=== THE PROBLEM ===
Drop the images. Copy every line below character for character.

- Opening Delimiter -

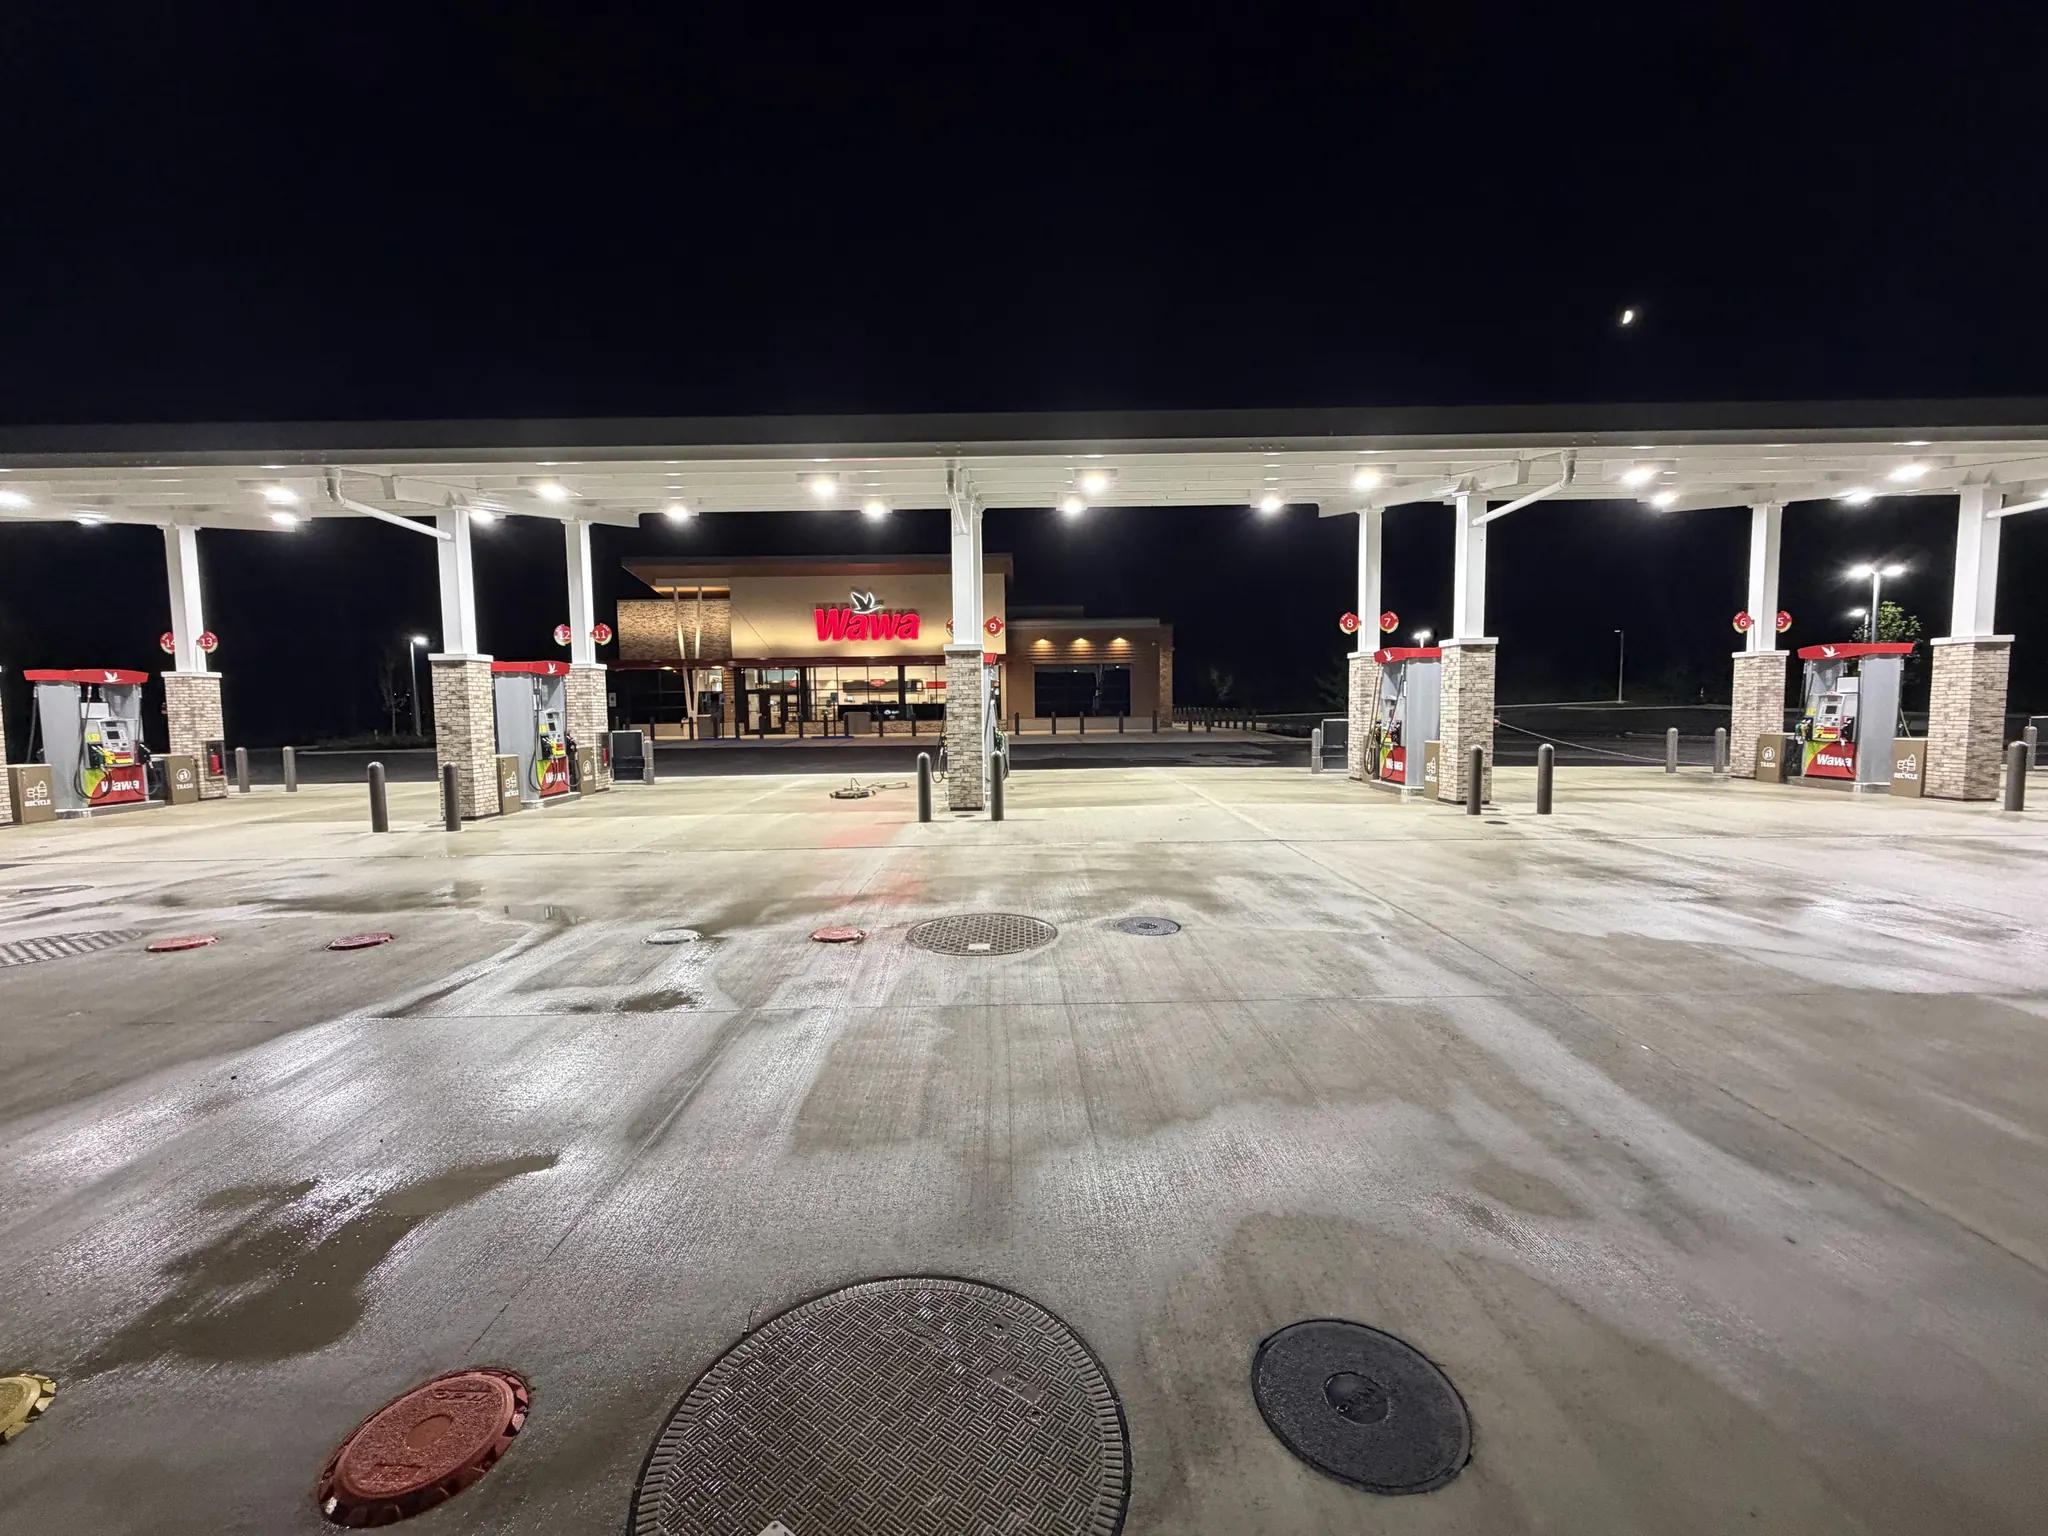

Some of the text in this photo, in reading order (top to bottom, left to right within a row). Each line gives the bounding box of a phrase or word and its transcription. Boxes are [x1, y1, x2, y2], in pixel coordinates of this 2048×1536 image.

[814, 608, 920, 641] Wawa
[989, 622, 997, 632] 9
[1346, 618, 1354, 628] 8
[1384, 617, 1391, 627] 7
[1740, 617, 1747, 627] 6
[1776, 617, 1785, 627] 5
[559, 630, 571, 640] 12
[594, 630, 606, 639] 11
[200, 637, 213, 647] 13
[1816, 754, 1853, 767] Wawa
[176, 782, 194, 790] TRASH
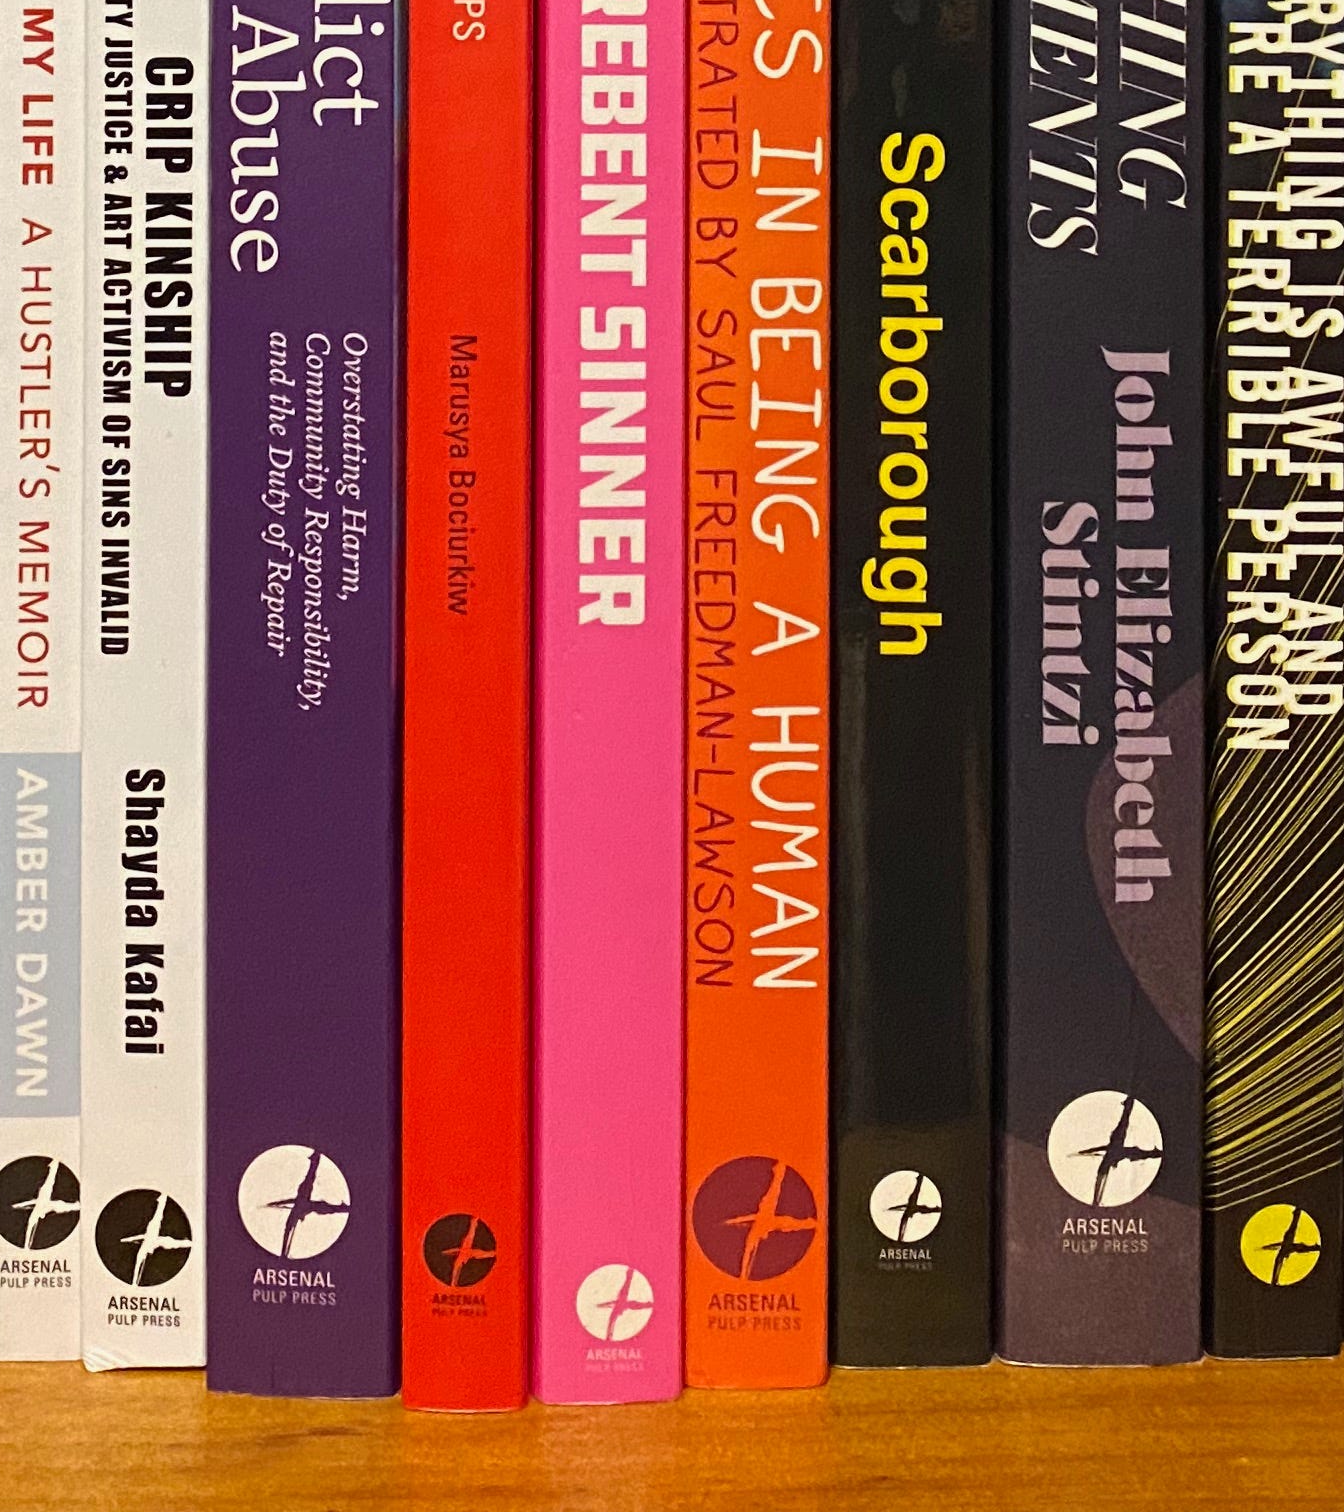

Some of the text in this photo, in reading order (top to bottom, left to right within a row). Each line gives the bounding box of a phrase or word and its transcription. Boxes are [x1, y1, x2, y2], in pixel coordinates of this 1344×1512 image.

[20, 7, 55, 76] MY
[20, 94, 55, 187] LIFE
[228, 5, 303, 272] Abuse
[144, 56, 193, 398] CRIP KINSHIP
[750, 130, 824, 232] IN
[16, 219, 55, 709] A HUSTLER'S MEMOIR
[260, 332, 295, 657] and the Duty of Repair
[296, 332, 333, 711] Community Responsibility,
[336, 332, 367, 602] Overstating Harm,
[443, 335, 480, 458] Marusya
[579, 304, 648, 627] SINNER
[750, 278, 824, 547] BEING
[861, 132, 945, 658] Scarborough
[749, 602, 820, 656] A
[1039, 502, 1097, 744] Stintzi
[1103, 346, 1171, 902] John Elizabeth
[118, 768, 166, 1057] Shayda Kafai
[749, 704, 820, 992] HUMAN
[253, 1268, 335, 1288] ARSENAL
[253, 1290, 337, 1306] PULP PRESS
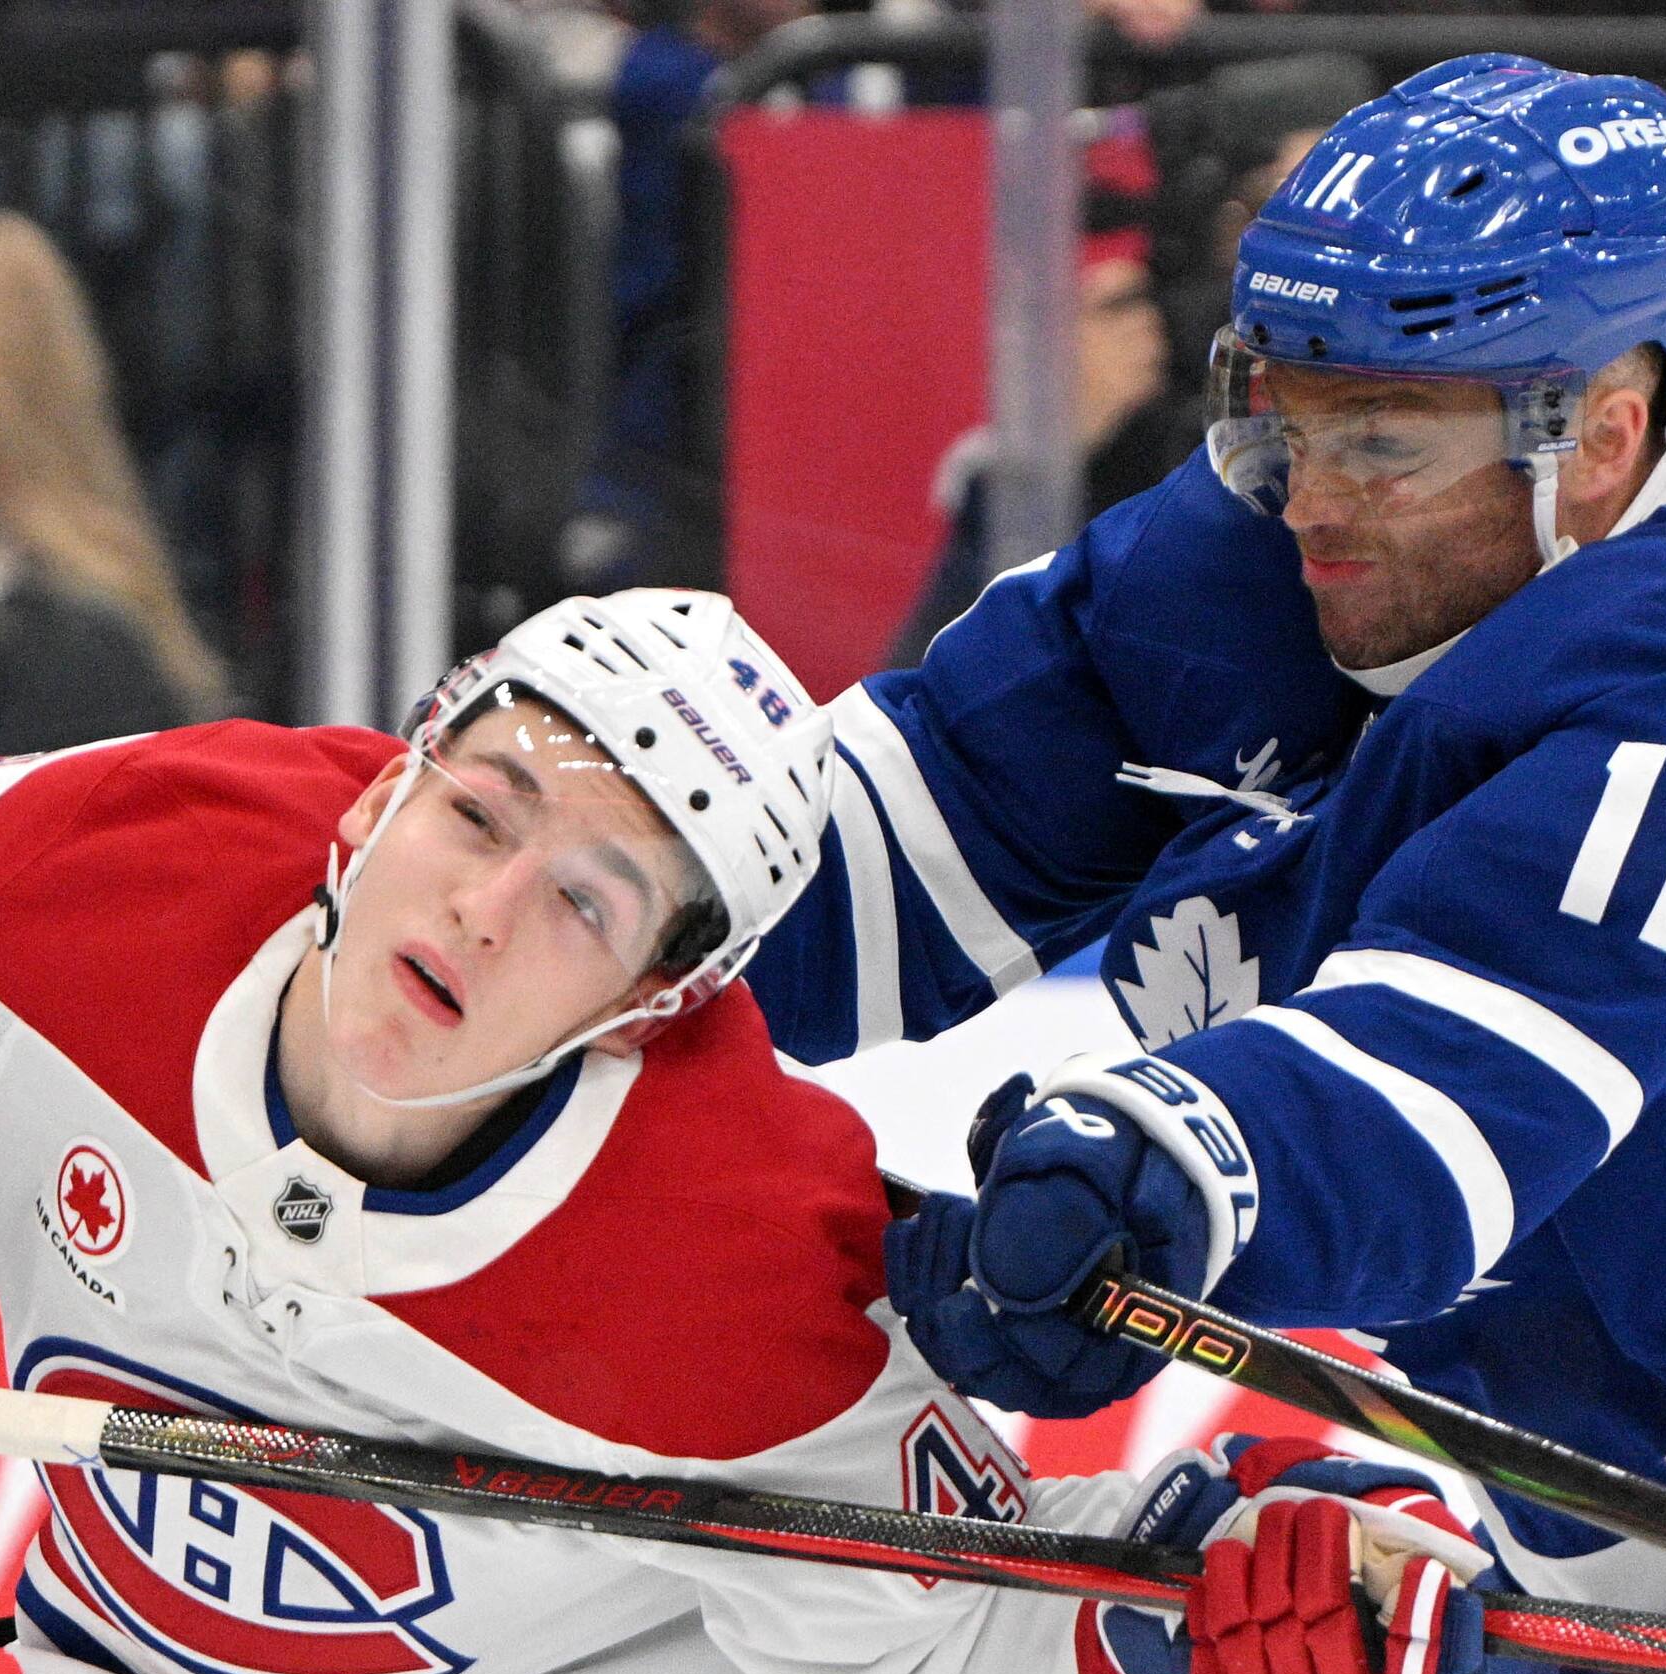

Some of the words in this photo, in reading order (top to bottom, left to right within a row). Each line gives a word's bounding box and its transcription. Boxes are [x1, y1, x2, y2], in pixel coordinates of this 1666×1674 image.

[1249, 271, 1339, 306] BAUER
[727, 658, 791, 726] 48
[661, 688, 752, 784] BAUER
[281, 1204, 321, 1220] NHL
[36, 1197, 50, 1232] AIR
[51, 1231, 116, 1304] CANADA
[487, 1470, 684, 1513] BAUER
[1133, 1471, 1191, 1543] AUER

- Closing Delimiter -

=== RESPONSE FOR THIS EXERCISE ===
Some of the text in this photo, in reading order (top to bottom, left to right within a row). Each line gives the bounding box of a phrase or word and its transcription. Boxes are [x1, y1, x2, y2], in pixel coordinates of this 2048×1536 image.

[814, 608, 920, 641] Wawa
[989, 622, 997, 632] 9
[1346, 618, 1354, 628] 8
[1384, 617, 1391, 627] 7
[1740, 617, 1747, 627] 6
[1776, 617, 1785, 627] 5
[559, 630, 571, 640] 12
[594, 630, 606, 639] 11
[200, 637, 213, 647] 13
[1816, 754, 1853, 767] Wawa
[176, 782, 194, 790] TRASH

Some of the text in this photo, in reading order (top to bottom, left to right within a row). Each line gives the bounding box of a phrase or word and its transcription. Boxes are [x1, y1, x2, y2], in pixel coordinates of this 1344×1512 image.

[20, 7, 55, 76] MY
[20, 94, 55, 187] LIFE
[228, 5, 303, 272] Abuse
[144, 56, 193, 398] CRIP KINSHIP
[750, 130, 824, 232] IN
[16, 219, 55, 709] A HUSTLER'S MEMOIR
[260, 332, 295, 657] and the Duty of Repair
[296, 332, 333, 711] Community Responsibility,
[336, 332, 367, 602] Overstating Harm,
[443, 335, 480, 458] Marusya
[579, 304, 648, 627] SINNER
[750, 278, 824, 547] BEING
[861, 132, 945, 658] Scarborough
[749, 602, 820, 656] A
[1039, 502, 1097, 744] Stintzi
[1103, 346, 1171, 902] John Elizabeth
[118, 768, 166, 1057] Shayda Kafai
[749, 704, 820, 992] HUMAN
[253, 1268, 335, 1288] ARSENAL
[253, 1290, 337, 1306] PULP PRESS

Some of the words in this photo, in reading order (top to bottom, left to right within a row). Each line gives a word's bounding box and its transcription. Boxes are [x1, y1, x2, y2], in pixel coordinates of this 1666×1674 image.

[1249, 271, 1339, 306] BAUER
[727, 658, 791, 726] 48
[661, 688, 752, 784] BAUER
[281, 1204, 321, 1220] NHL
[36, 1197, 50, 1232] AIR
[51, 1231, 116, 1304] CANADA
[487, 1470, 684, 1513] BAUER
[1133, 1471, 1191, 1543] AUER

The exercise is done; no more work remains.